I’m struck at so many levels by the meaning of this theme, living without definition. As of late, I’m feeling life, feeling the essence of the Living Reality we are opening to; the chaos, the shifts, the death, creativity, forming and decaying. I’m sensing something awakening. There’s so much creativity, projects, efforts to help the shift. Each variation is an attempt to explain what is becoming, and how to make our lives and world better, and less violent and to call out peace. Then peace is questioned. Does it exist or is it a mere illusion we cling to?

In the words of the process philosopher Alfred North Whitehead, I hear the voices of the many becoming one.

I hear more and more voices saying, nature, let’s turn to nature; she seems to know more than we ever noticed. Others are crying, Let’s turn to Source, to God, yet the clinging to dogma, rules or something to help control the processes we are living continues. And there is a turning, a sounding, creating, correcting, harmonizing, learning and evolving. This pulsing of life force through its life forms, each of us – organisms – nested in larger organisms, would appear to be pulling in different directions.
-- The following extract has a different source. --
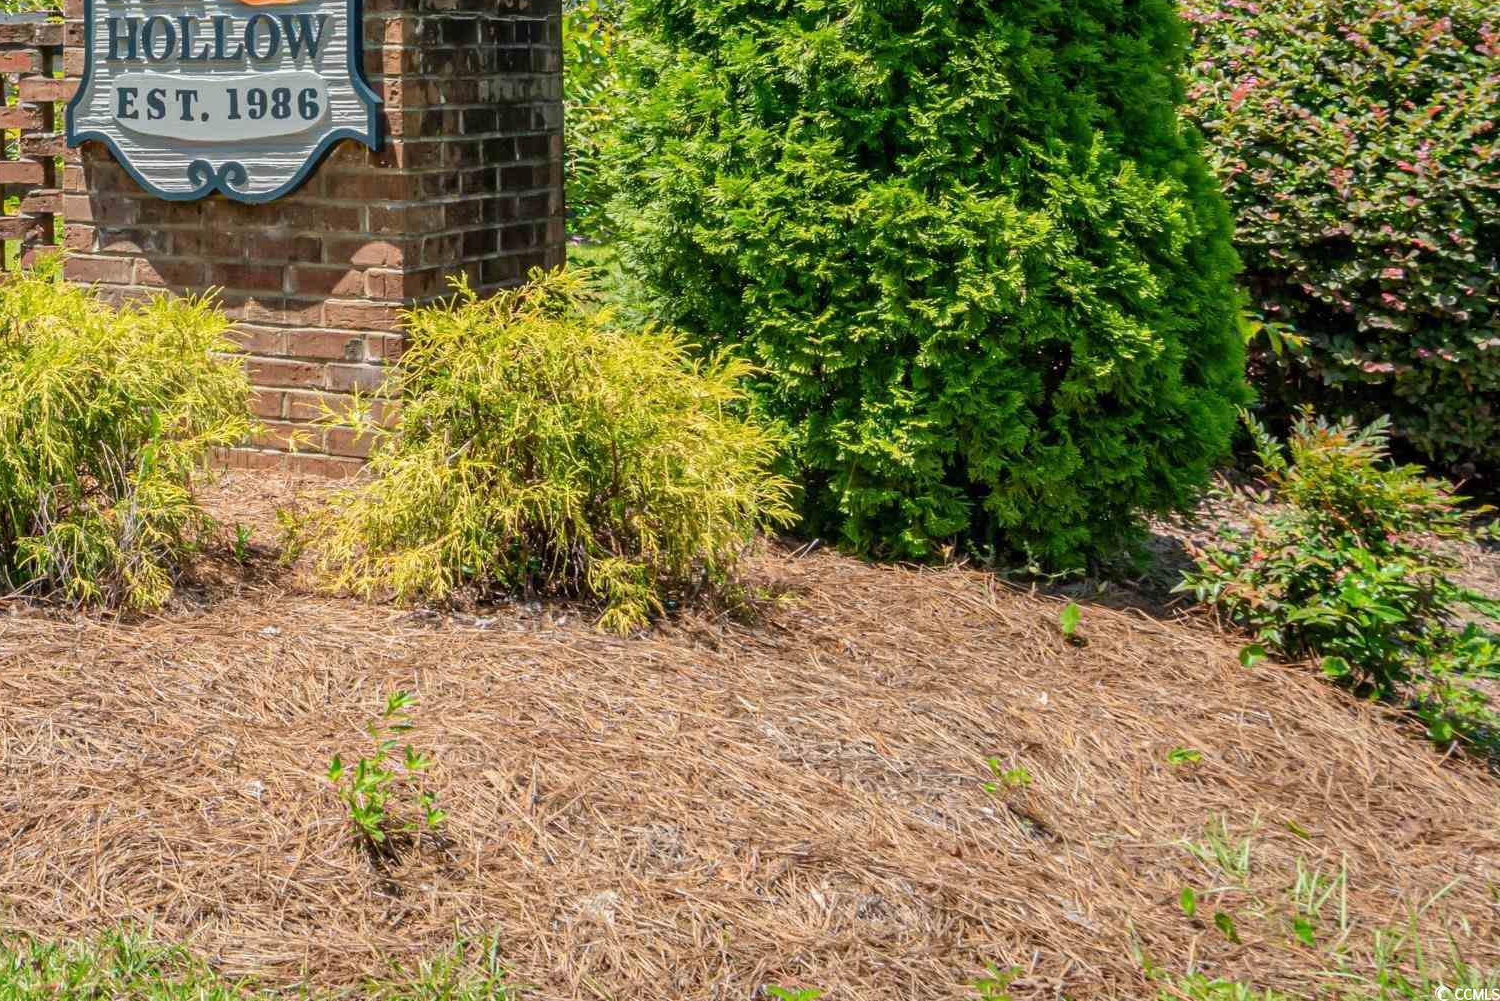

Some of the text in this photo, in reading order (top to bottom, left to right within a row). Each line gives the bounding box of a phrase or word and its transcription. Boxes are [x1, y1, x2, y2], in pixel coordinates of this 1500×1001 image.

Yet we are in the same boat mixing up the soup – stirring the energy from fixedness of centuries of holding this

or that idea, definition or rule against another.

As the Quakers say, we’re coming to the sense of the meeting. It takes time, patience, sometimes longer than is comfortable sitting in silence tuning in to our deepest levels of knowing, of listening to the development of creativity, then learning what she has in mind for us to be, to do, to form or unform. It’s not passively surrendering to the flow, it’s learning how to work with the flow, the nature, our nature, life’s nature as a unity, each entity with a vibration of its own – contributing to Life’s chord.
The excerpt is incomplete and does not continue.